Did I get any of the facts wrong? Is my reasoning flawed?
you can pull the Ace and say that the original value of a bitcoin was equal to the electricity (electrons, copper wire degraded, silicon & chipsets depreciation) that went into the creation of it.
This is called the labor theory of value and it was subscribed to by early economists like adam smith. Today very few economists mainstream or otherwise accept the labor theory of value. It is generally understood by economists today that the value of an object is determined by the relative subjective valuations of consumers. Bitcoin was valuable early on not because of the labor required to make it nor the precedent of value but rather the foresight of some clever speculators who recognized the utility as a medium of exchange that it could have in the future and were willing to take an extremely high risk/high reward gamble.

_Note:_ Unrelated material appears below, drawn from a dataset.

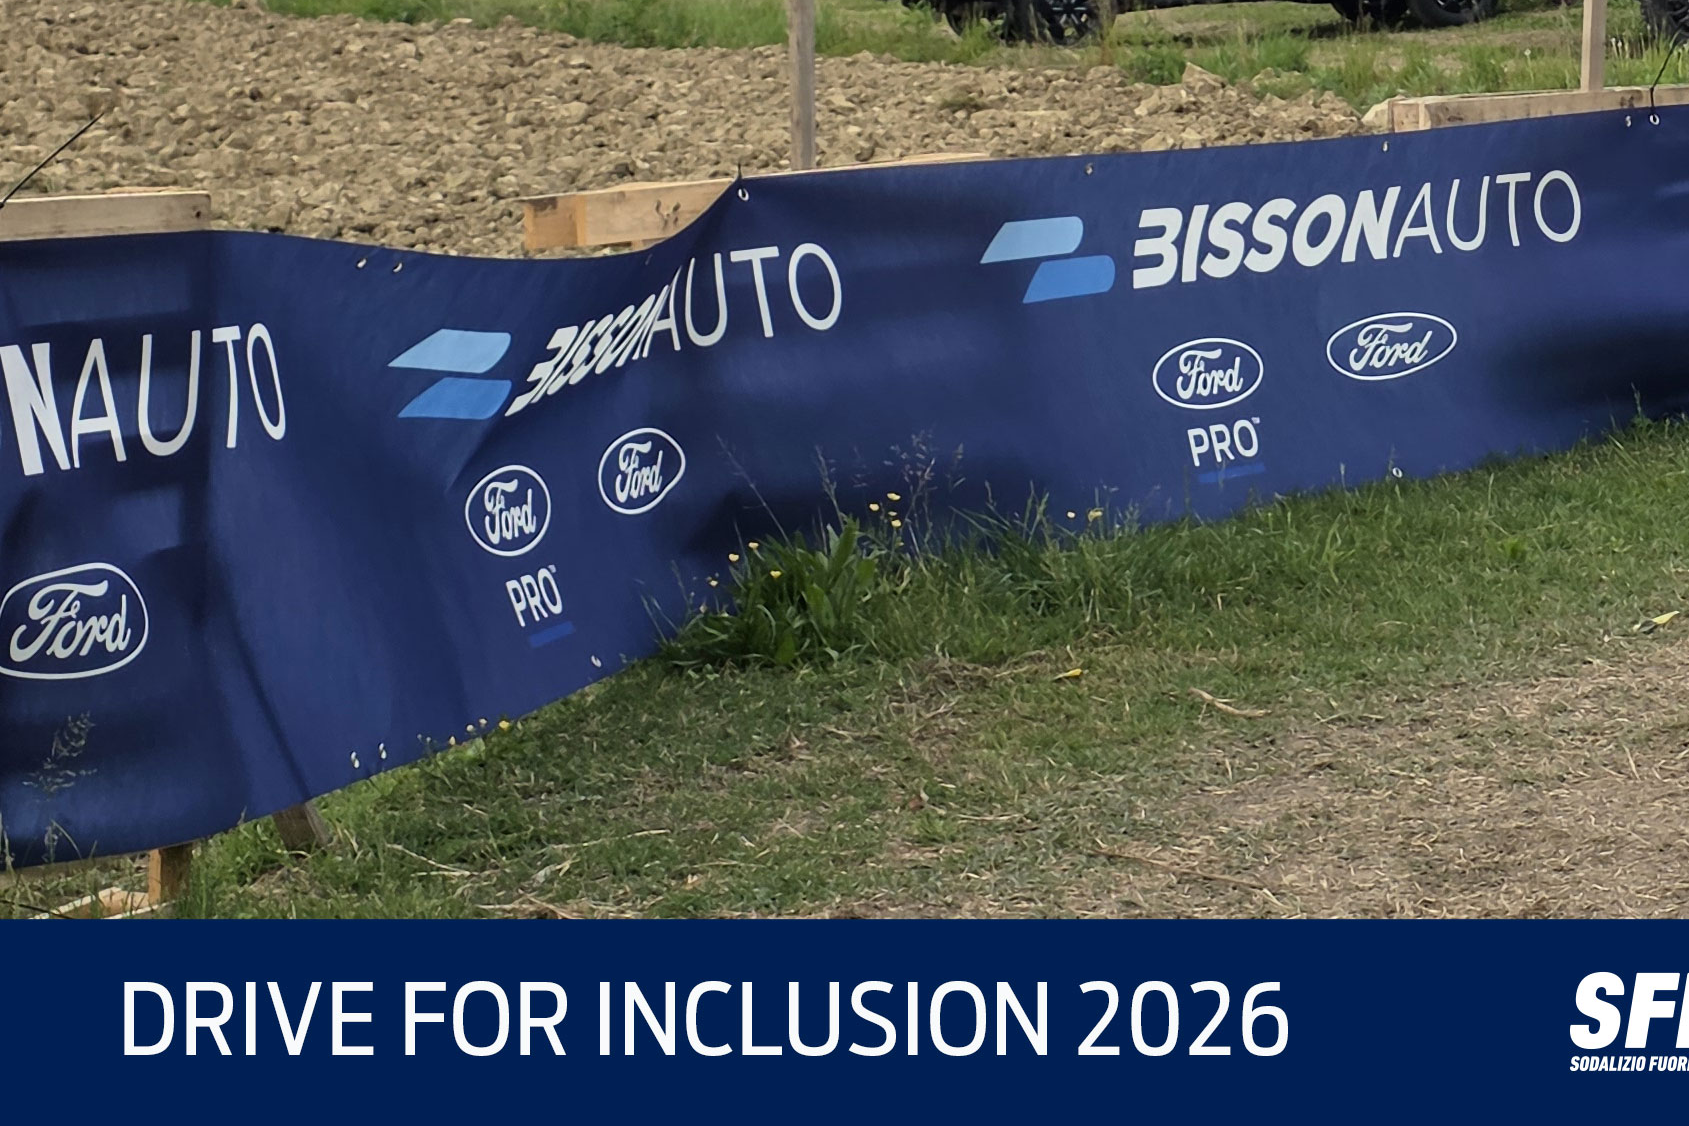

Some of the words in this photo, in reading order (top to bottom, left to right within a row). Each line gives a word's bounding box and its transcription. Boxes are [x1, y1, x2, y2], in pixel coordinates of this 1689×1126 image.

In fact, MJGrae define the cost to produce a thing as its value. It is wrong. From this definition a hand made sword would be more valuable (and would cost more to buy) than the same sword produced in a factory at a lower cost. On the market, they are two swords with no detectable difference, so they will be valued the same from the buyers.
If the cheapest (in this case the industrial) producer is able to satisfy the demand enough to push the price to a level where the artisan can not make a profit (but he can), the artisan will exist the market.
Competition with other industrial producers (and other goods and services) will drive the price nearer the production cost.
This is the reason in the end prices approximate production costs.
Anon136 "speculators ... willing to take a... gamble" is on the point.
A speculator is any and all agents acting on the market, because they act now for a future reward be it a far or near future and be it a small or big reward.
So as the speculators take the gamble, they establish price levels and demand schedules. On these the market forces act moving the prices up and down in relation with supply and demand.